The Violent Femmes‘ debut album tends to get most of the hype, but the follow up Hallowed Ground is better. It goes deeper, rocks harder, bites more fiercely, covers more ground. And it kicks off with Country Death Song, a murder ballad that gets all the more harrowing when you realize that Gordon Gano was still in high school when he wrote it. The opposite of a feel-good unless you just can’t enough of that those toe tapping backwoods American myths and legends and brutal truths.
If you were halfway cool in 1983, you were hip to the Violent Femmes first album. None of the commercial radio stations were playing it, but you’d long ago given up on them anyway — cesspools of bad sound, populated by liars. Unlike the Femmes who couldn’t not be fresh, horny, mad, honest – sometimes annoyingly so. But not with Kiss Off. Kiss Off hit it all just right, particularly the part where he counts them all down, his ten points of rage, frustration, spite, EVERYTHING. A punk that required no amplifiers, that could be delivered from a street corner, which is how the band got discovered in the first place.
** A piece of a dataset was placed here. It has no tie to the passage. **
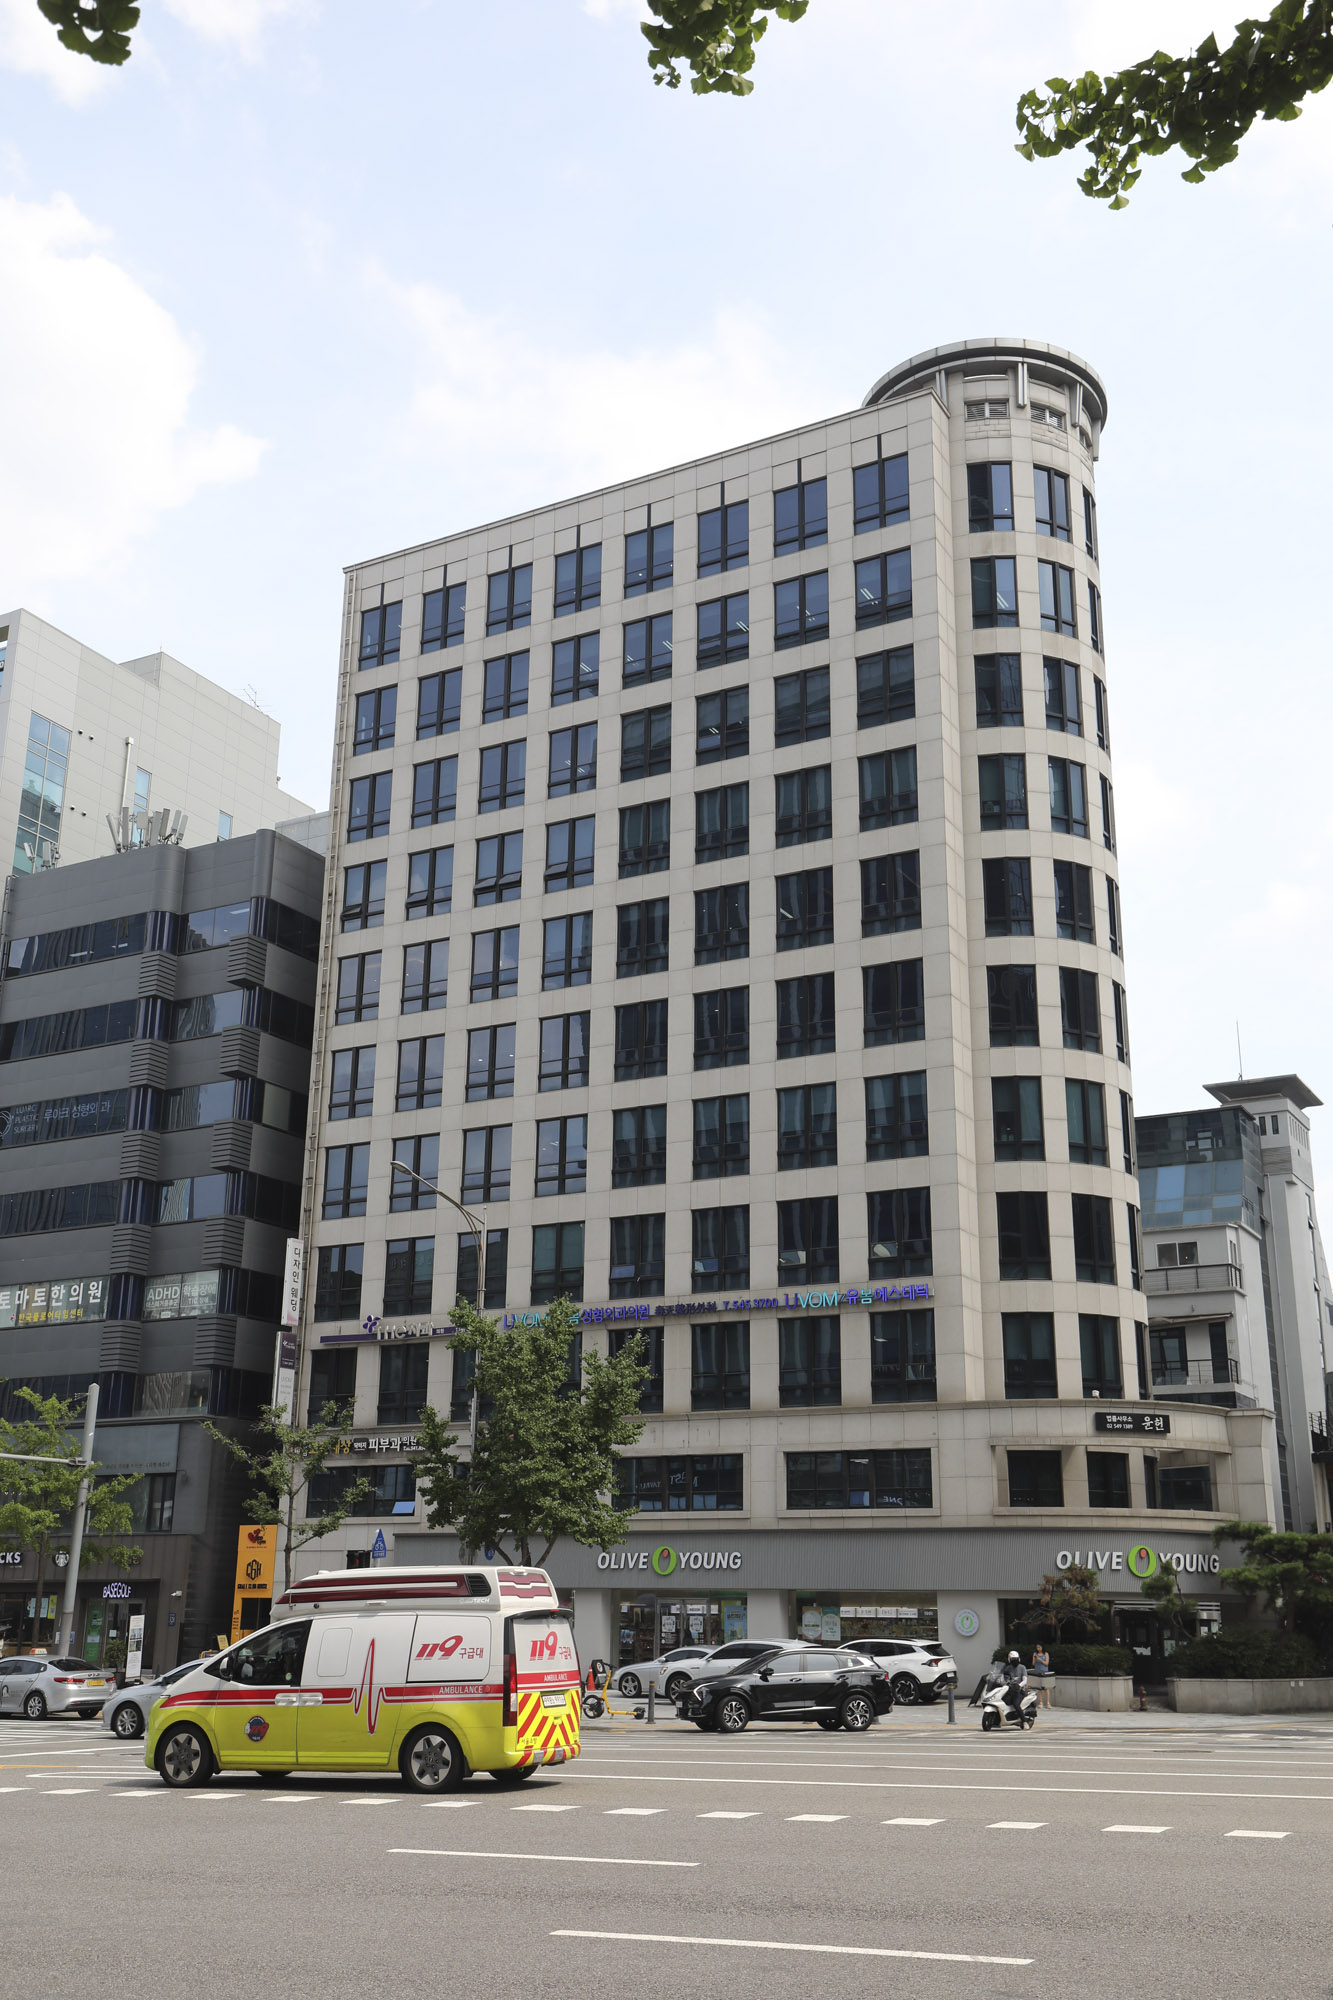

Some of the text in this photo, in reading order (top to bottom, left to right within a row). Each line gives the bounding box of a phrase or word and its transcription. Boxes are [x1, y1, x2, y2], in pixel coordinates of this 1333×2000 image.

“The second Violent Femmes album is the one for me, the serious one. Songs of doom and murder and apocalypse and madness and, in the case of Black Girls, f***ing. Which pissed some people off at the time. They called it sexist and racist, but nah, it was just Gordon Gano telling the truth about some of the crazy sh** he got up to when he was young and horny. And man, did they rock it live! Normally just a three piece (and scaled down at that), the Femmes dragged out some horns and things went wild, delirious even. Horny indeed.” (Philip Random)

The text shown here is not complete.